Overnight cultures of dsdA mutants and their parent strains were plated onto Adler motility medium as described previously [28, 51] with two modifications. First, overnight cultures were washed two times in PBS and OD600 was normalized to 1.0 prior to plate inoculation. Second, the diameter of migration from five independent spots was measured after 20 hours of incubation at room temperature. The difference in motility among strains was assessed by one-way analysis of variance (ANOVA) with Tukey’s Multiple Comparison Test to assess statistical significance.

Statistical analyses

All statistical analyses were carried out using Prism 4.0 (GraphPad, Inc.). Statistical significance was determined by Mann-Whitney U test or Wilcoxon signed-rank test for log distributed data where applicable and was determined by unpaired T test or one-way ANOVA for normally distributed data where applicable. P values ≤0.05 represent statistically significant differences between data sets.

Supporting Information

S1 Fig. Mutational inactivation of dsdA does not affect motility of CFT073.

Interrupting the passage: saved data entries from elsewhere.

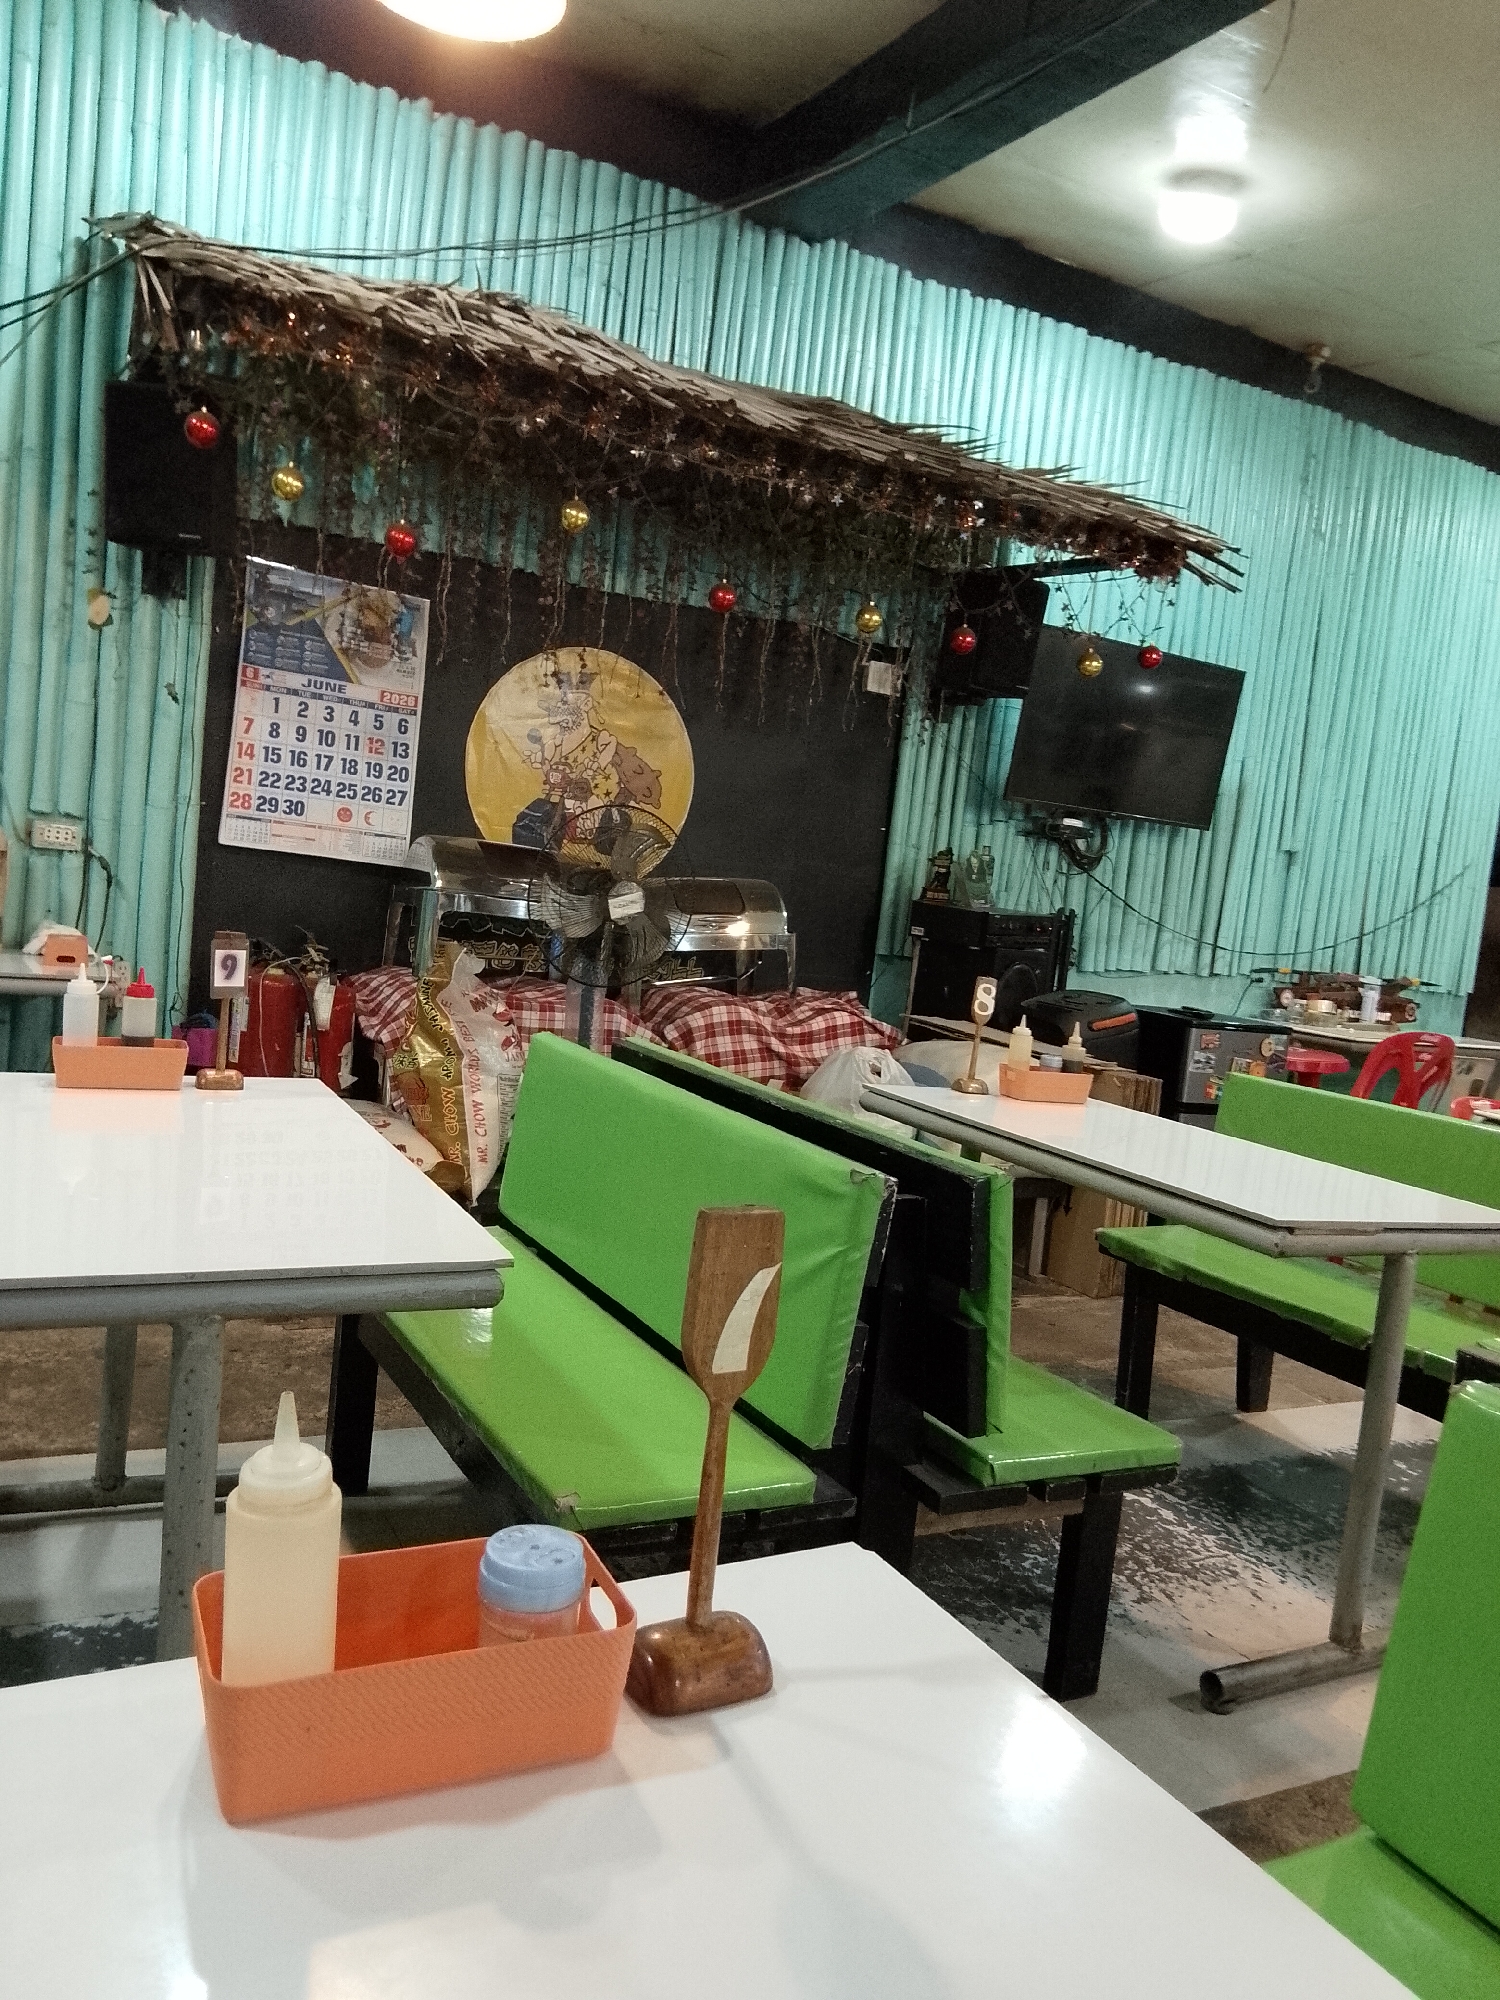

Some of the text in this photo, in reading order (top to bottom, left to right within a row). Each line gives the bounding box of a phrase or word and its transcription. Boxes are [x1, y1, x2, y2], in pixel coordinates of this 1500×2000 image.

[245, 667, 255, 679] 6
[301, 678, 347, 694] JUNE
[269, 685, 287, 694] MON
[298, 690, 312, 698] TUE
[322, 694, 338, 702] WED
[382, 691, 416, 707] 2026
[273, 697, 409, 735] 1 2 3 4 5 6
[243, 717, 410, 759] 7 8 9 10 11 12 13
[236, 742, 410, 782] 14 15 16 17 18 19 20
[229, 792, 305, 816] 28 29 30
[232, 766, 408, 806] 21 22 23 24 25 26 27
[220, 953, 238, 981] 9
[419, 976, 444, 1032] JASMINE
[974, 983, 996, 1015] 8
[440, 1038, 456, 1081] AROMA
[468, 1048, 482, 1094] WORLDS
[441, 1087, 459, 1135] CHOW
[472, 1100, 487, 1137] CHOW
[477, 1144, 488, 1164] MR.

dsdA+ strains (CFT073, CFT073 gyrAS83L, and CFT073 rpoSam) and dsdA- strains (CFT073 ΔdsdA, CFT073 dsdAΔ445bp gyrAS83L, and CFT073 ΔdsdA rpoSam) were inoculated onto Adler’s motility medium and zones of migration were measured as described in Materials and Methods. Bars represent mean diameter of migration and error bars represent standard error of the mean (±SEM). The differences in motility between strains were assessed by one-way analysis of variance (ANOVA) with Tukey’s Multiple Comparison Test to assess statistical significance.

https://doi.org/10.1371/journal.pone.0138121.s001

(TIF)

S2 Fig. dsdA- strains are unable to use D-serine as the sole carbon source.

dsdA+ strains (CFT073, CFT073 gyrAS83L, and CFT073 rpoSam) and dsdA- strains (CFT073 ΔdsdA, CFT073 dsdAΔ445bp gyrAS83L, and CFT073 ΔdsdA rpoSam) were swabbed onto (A) MOPS glycerol minimal medium and (B) MOPS D-serine minimal medium and were incubated aerobically at 37°C for 24 and 120 hours, respectively.

https://doi.org/10.1371/journal.pone.0138121.s002

(TIF)

S3 Fig. Effects of D-serine transport and DL-serine catabolism on colonization during murine model UTI.

CFT073 ΔlacZYA was co-inocualted with either CFT073 ΔdsdA sdaA::CmR sdaB::KmR or CFT073 ΔcycA ΔdsdX at a 1:1 ratio into CBA/J mice (n = 10 each). Mice were sacrificed at 48hpi. Bacteria from (A) bladder and (B) kidney homogenates were enumerated on MacConkey’s medium plus lactose. Lines are drawn at the geometric mean relative competitive index (RCI). Statistical significance was assessed by a Wilcoxon signed-rank test relative to a hypothetical RCI of 1. One of the CFT073 ΔdsdA sdaA::CmR sdaB::KmR/ CFT073 ΔlacZYA co-infected animals had no detectable bacteria in her bladder and one of the CFT073 ΔcycA ΔdsdX / CFT073 ΔlacZYA co-infected animals had no detectable bacteria in her kidneys.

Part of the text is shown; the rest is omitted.